Tisela berjongkok, tangan kanannya yang memancarkan bau aneh mengusap kepalaku lembut. “Sebentar, ya, aku bau bumbu dapur, biarkan aku mandi dulu.”
“Tidak usah mandi, Seel!” rengekku, menyondongkan kepala agar lebih dalam ke telapak tangannya.
“Bau doong!” sergah Moza.
Melihat Moza merespon, Tisela menoleh dan tersenyum, bergantian mengusap kepalanya. Moza yang mencium bau bumu, melangkah mundur, menghindar.
“Aku bau, kan, Moz?” Tisela tertawa melihat reaksi Moza. “Ya, sudah, aku mandi dulu,” Tisela berdiri, menuju persegi gelap.
“Berjemur, yuk, Sel!”
Kuni tiba-tiba muncul dari dalam kamar, sudah rapi dengan celana olahraga hitam bergaris merah. Ia menghampiri Tisela, mengajaknya sekali lagi.
“Tapi aku baru pulang kerja,” sahut Tisela yang suda berdiri persis di bibir persegi panjang.
“Capek?” tanya Kuni.
“Bau bumbu.”
“Ah, tidak masalah! Berjemur juga nantinya bau keringat!”
“Tapi-“
“Mandinya nanti saja, sekalian kotor,” tegas Kuni, “ajak Mei dan Moza juga.”
“Benar, Sel! Ayo-ayo-ayo!” aku berlari ke arahnya, membela argumen Kuni, “nanti saja mandinya!”

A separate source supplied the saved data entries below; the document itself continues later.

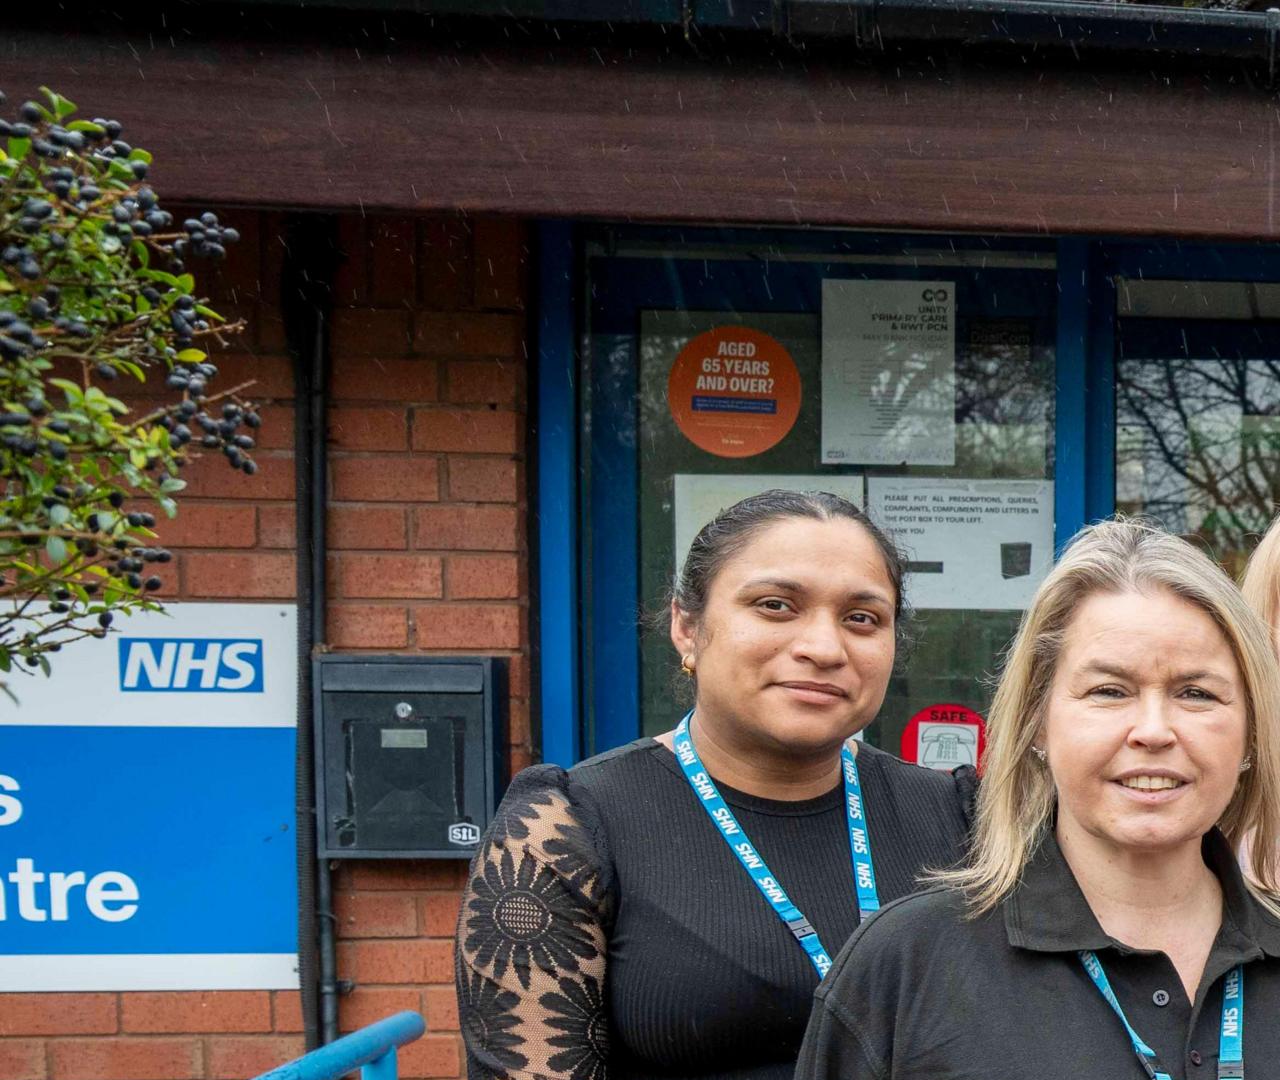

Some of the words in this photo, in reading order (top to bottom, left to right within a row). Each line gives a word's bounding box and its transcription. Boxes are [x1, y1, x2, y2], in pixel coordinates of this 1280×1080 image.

[718, 341, 756, 357] AGED
[702, 358, 720, 373] 65
[723, 360, 770, 376] YEARS
[696, 375, 728, 391] AND
[730, 377, 775, 394] OVER?
[918, 516, 932, 524] BOX
[123, 641, 258, 689] NHS
[930, 710, 968, 722] SAFE
[677, 741, 697, 766] NHS
[844, 757, 858, 787] NHS
[691, 772, 718, 801] NHS
[848, 792, 862, 820] NHS
[712, 807, 740, 836] NHS
[851, 827, 868, 855] NHS
[734, 842, 763, 869] NHS
[0, 858, 140, 922] tre
[758, 876, 787, 903] NHS
[856, 862, 874, 890] NHS
[1222, 1007, 1239, 1038] NHS

Tisela tampak berpikir sebentar sebelum kemudian mengangguk setuju. Aku melonjak kegirangan, memeluk Tisela dan Kuni bergantian. Sementara Moza, wajahnya menunjukkan bahwa ia bimbang karena sangat tidak menyukai bau bumbu dapur yang melekat pada Tisela
“Yuk!” ajak Tisela, “sebentar aku mengganti celana,” lanjutnya.
Tisela masuk ke dalam persegi gelap, tidak lama, kemudian ia muncul dengan penampilan lebih segar. Tisela mengganti celana jeansnya dengan celana olahraga dan mengganti kemeja dengan kaos merah muda longgar. Sepertinya, ia juga mencuci wajahnya sehingga tidak lagi terlihat sisa-sisa lelahnya bekerja.
“Berangkat!” seruku tidak sabar, mengira seluruh persiapan telah selesai.
Namun sepertinya aku salah, Tisela tidak segera membuka pintu. Ia justru menuju kotak merah muda di dekat kandang, membukanya dan mencari sesuatu. Setelah beberapa saat, ia mengeluarkan dua buah tali panjang berwarna oranye dan biru tua.
Tali sepanjang kurang lebih satu setengah meter itu, memiliki dua lingkaran besar dan kecil di ujungya. Tali-tali itu memiliki besi putih di beberapa sisinya, seperti sendi. Tali berwarna biru tua terlihat sedikit lebih besar ketimbang tali oranye.
“Pasangkan dulu tali kekang ini kepada mereka,” ucap Tisela, menyerahkan tali biru tua kepada Kuni.
“Ini untuk siapa?” tanya Kuni.
“Biru tua untuk Moza, yang oranye untuk Mei, “jawab Tisela, “aku saja yang memasangkan tali kekang Mei, dia, meski kecil tapi suka memberontak.”
Aku mengerutkan kening tak suka, kapan aku memberontak?
Tisela dan Kuni segera mendekati kami dengan tali kekang di tangan masing-masing. Aku diam saja saat Tisela menghampiriku, ingin membuktikan bahwa aku tidak suka memberontak. Namun saat Tisela melingkarkan tali oranye itu di leherku, aku merasa sangat tidak nyaman. Spontan, aku hendak berlari menjauh tapi Tisela cepat tanggap, mendekap tubuhku.